The two problems saccades produce for the visual system. A. Schematic saccades (blue lines) and fixations (blue dots) used to illustrate the consequences of the saccades for vision. The painting is titled An Unexpected Visitor by Ilya Repin, and was made famous in vision research by Alfred Yarbus who used it as one of the illustrations he had his subjects look at while he recorded their eye movements. B. The snapshots at the location of each fixation. Shading is intended to indicate reduction of acuity as the distance from the fovea increases. C. The transmission in the optic nerve of the snapshots form three fixations without any information about location but with the interspersed blurs from the intervening saccades.

Figure 2

Three signals available for producing visual stability: Visual field motion (reafference), Proprioception (extraretinal inflow), Corollary Discharge (CD –extraretinal outflow).

Figure 3

The logic of shifting receptive fields and remapping. A. Receptive Field and Future Field at the time of the saccade. B. Future field has become the new Receptive Field after the saccade. See text for explanation.

Figure 4

An example FEF neuron with a shifting RF. The visual response is aligned on the visual probe flashed during fixation (left column) and just before the saccade (right column). Probes were in the RF (top row), in the Future Field (FF, middle row), or absent as a control in the bottom row. The visual response shifts from the RF (magenta, left) to the FF (magenta, middle) just before the saccade. Each trace is the mean and s.e.m; vertical scale is 110 sp/s; horizontal tick marks, 100ms. Modified from Sommer and Wurtz, 2006.

Figure 5

Brain circuits for visually guided saccades (A) and saccade based corollary discharge (CD, B). See text for description.

Figure 6

The spatial (A) and temporal (B) characteristics for shifting RFs are consistent with an input from the CD passing through MD thalamus. A. The shifting RFs would be expected to jump from the RF to the FF with no significant change in activity at the midpoint if the shift resulted from the vector input of a CD. An example FEF neuron shows this lack of midpoint activity consistent with the shift being driven by a CD. From Sommer and Wurtz, 2008. B. The timing of the shifting RF should be synchronized with the saccade as is the CD. In the upper record the activity of an example FEF neuron aligned on saccade onset shows that the increased activity with the shift is synchronized with saccade initiation. In the lower record, the same neuronal responses are aligned on visual probe onset, and show that the increase in activity with the shift occurs long after the visual latency (black arrow). The green dots show the time of saccade onset in each trial. From Sommer and Wurtz, 2006.

Figure 7

Necessity of CD input from MD thalamus for shifting RFs in FEF. A. Example of a shifting RF impaired by MD inactivation. During inactivation (orange traces) the activity in the future field decreased by 78%. B. The deficit in the population of neurons. Reductions in activity were seen only in the FF, not the RF, and only for contralateral, not ipsilateral, saccades. ** significant changes at p < 0.0001 level. From Sommer and Wurtz, 2006.

Figure 8

Saccadic mislocalization (A) and a possible correlate in shifting RFs (B).

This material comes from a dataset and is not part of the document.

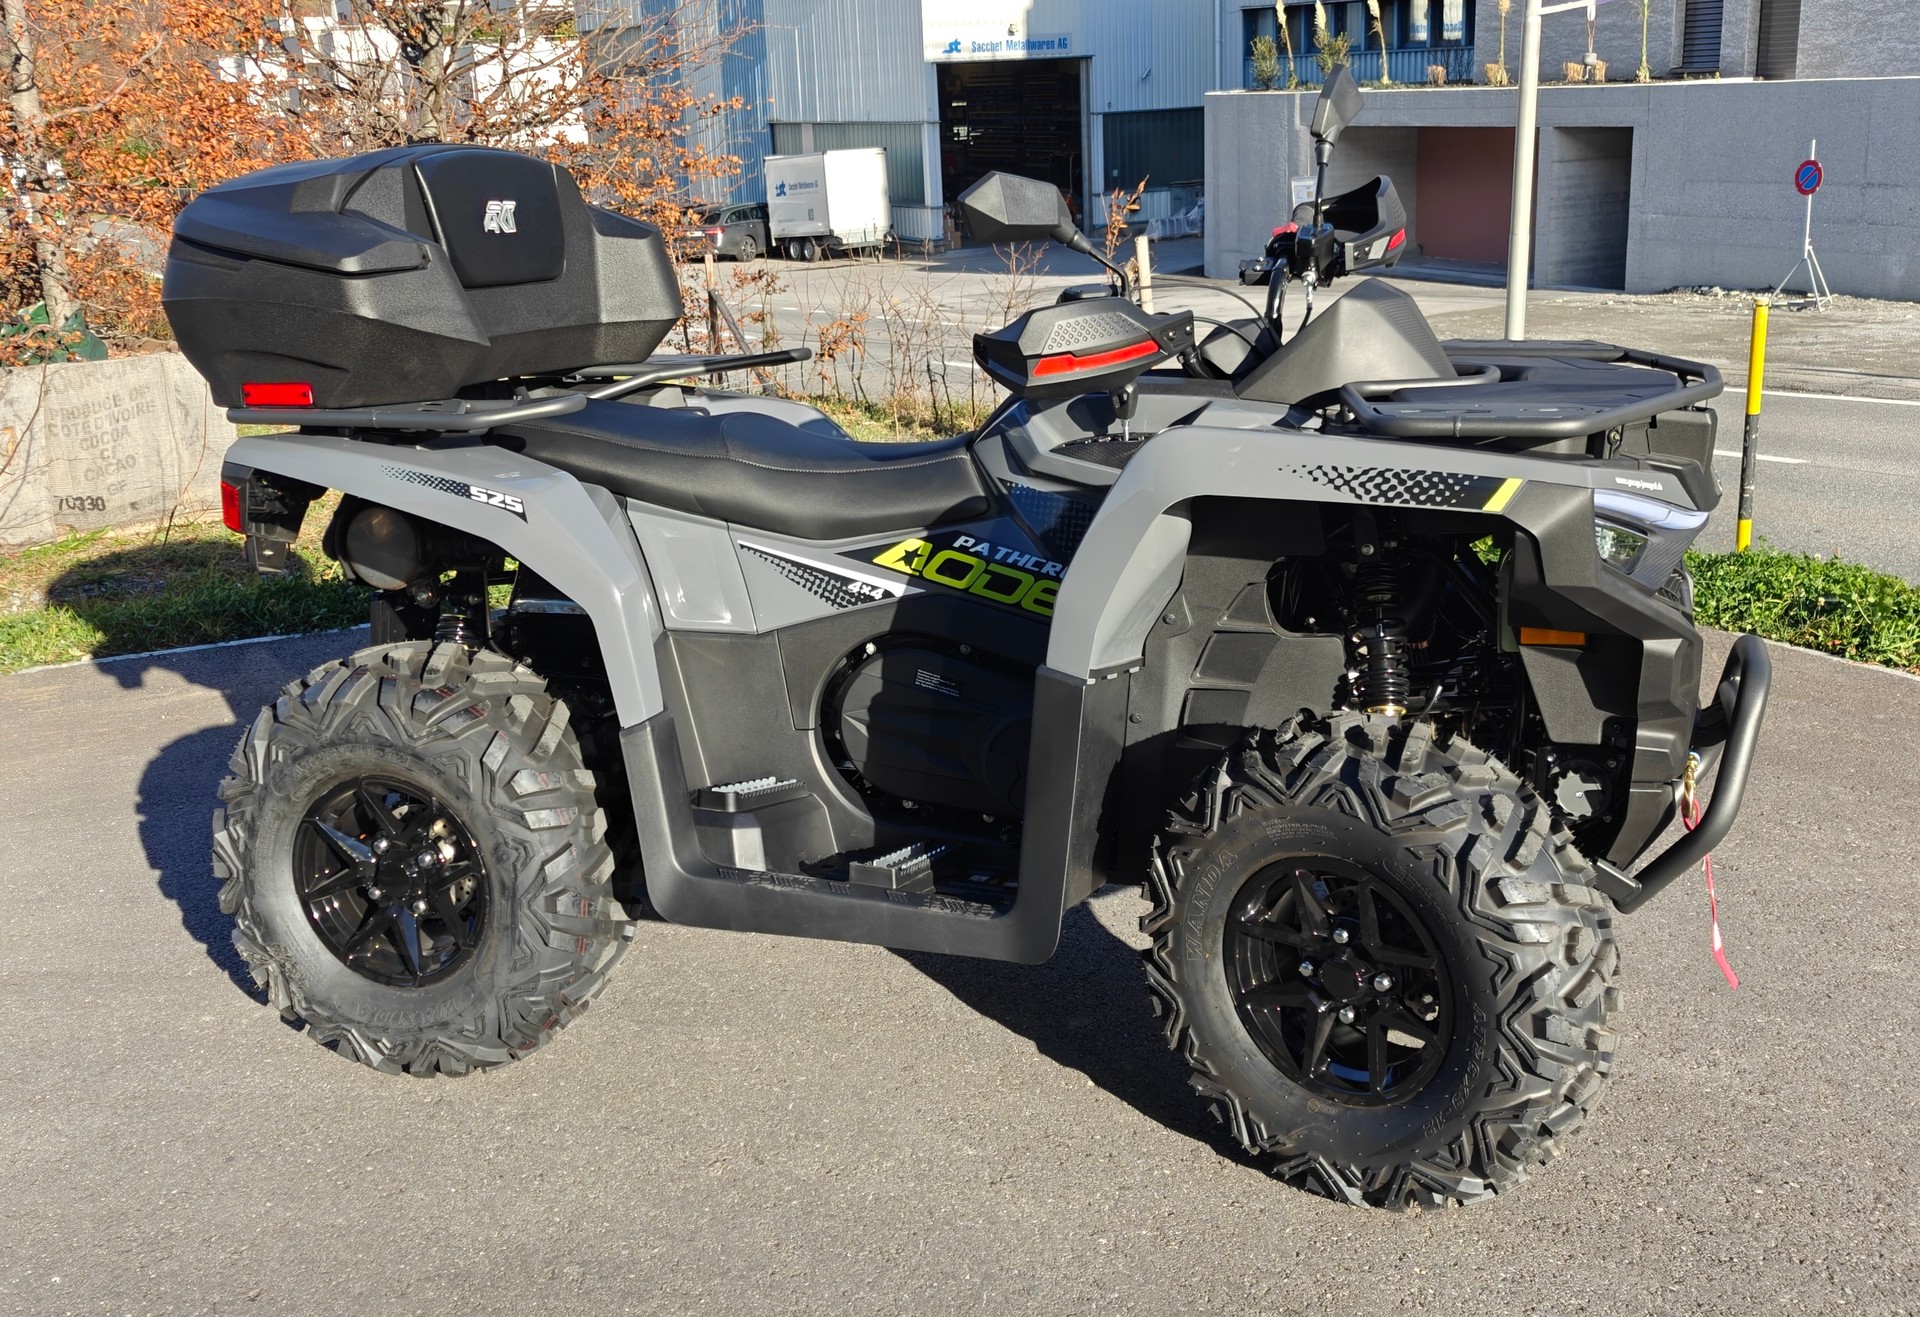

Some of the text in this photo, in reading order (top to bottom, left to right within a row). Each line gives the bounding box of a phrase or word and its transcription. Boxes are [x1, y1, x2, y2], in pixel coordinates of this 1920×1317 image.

A. Mislocalization of the position of a bar briefly presented around the time of a horizontal saccade from −10° to +10° (black stepped line). The apparent position judged by the subject (ordinate) is plotted against the display times relative to the onset of a saccade (abscissa, 0° refers to the screen center). The bar was presented at one of three positions on the screen (−20°, 0°, 20°, indicated by the arrows). The result was that subjects systematically mislocated the bar. For bars presented at −20° or 0°, they were mislocalized in the direction of the saccade at about the same time as the onset of a saccade. For bars presented at +20° they were mislocated in the opposite direction (against the direction of the saccade). The combination produced an effective compression of visual space. Adapted, with permission, from Ross et al. 2001. B. Spread in shift onset times given by four example FEF neurons. The orange trace is from the neuron in Fig. 6B. Shift magnitudes are normalized to each other for comparison of timing. From Sommer and Wurtz, 2008.

Figure 9

Possible inputs to a spatial map. A. An example gain field neuron from posterior parietal cortex. On the left drawing of the screen in front of the monkey, when the monkey looked at the central fixation point (o), the RF was mapped out and was found to be in the lower right quadrant (dashed circle). On the right, the response of the neuron aligned on stimulus onset is shown for fixation at the center of the screen by the record at 0, 0. Then the monkey fixated at one of the other eight positions on the screen (left drawing) each separated by 20°. At each fixation position the stimulus was moved so that it fell on the RF. Even though the stimulus fell on the same retinotopic position, the gain of the visual response changed systematically as the monkey’s eye position changed. These responses are shown on the right. The strongest response was with fixation in the upper left, the weakest with fixation in the lower right. Modified from Andersen, Essick, and Segal, 1985). B. An example real position neuron from area V6A. The stimulus was always in the lower right quadrant (dashed line), and +s indicate the five fixation points on an 80° wide screen. The visual response was nearly the same regardless of the fixation point. Modified from Galletti and Fattori 2002.

Figure 10

Saccadic suppression by CD. A. Response of an MT neuron to a moving visual stimulus (lower record) but failure to do so during a saccadic eye movement (upper record). From Thiele et al. 2002. B. Example SC superficial layer neuron that responds to a moving visual stimulus in front of the stationary eye but not during a saccade. The visual stimulus moved across the RF (left record) or was moved across the RF by a saccade (right record). Peak of ordinate is 250 sp/s; tick marks on the abscissa are 100 ms. From Robinson and Wurtz 1976. C. An example SC superficial neuron demonstrated to have input from a corollary discharge. On the left and right is the suppression during normal saccades (in the light to maintain background discharge rate). In the center is the suppression that continues during retrobulbar block of both eyes. All of the records are triggered on the integrated burst of activity of the oculomotor nucleus (Oc. Nuc), that remained even when the EOG for horizontal and vertical components of the saccade were eliminated by the block (center). Peak of ordinate is 20 sp/s; tick marks on the abscissa are 100 ms. From Richmond and Wurtz 1980.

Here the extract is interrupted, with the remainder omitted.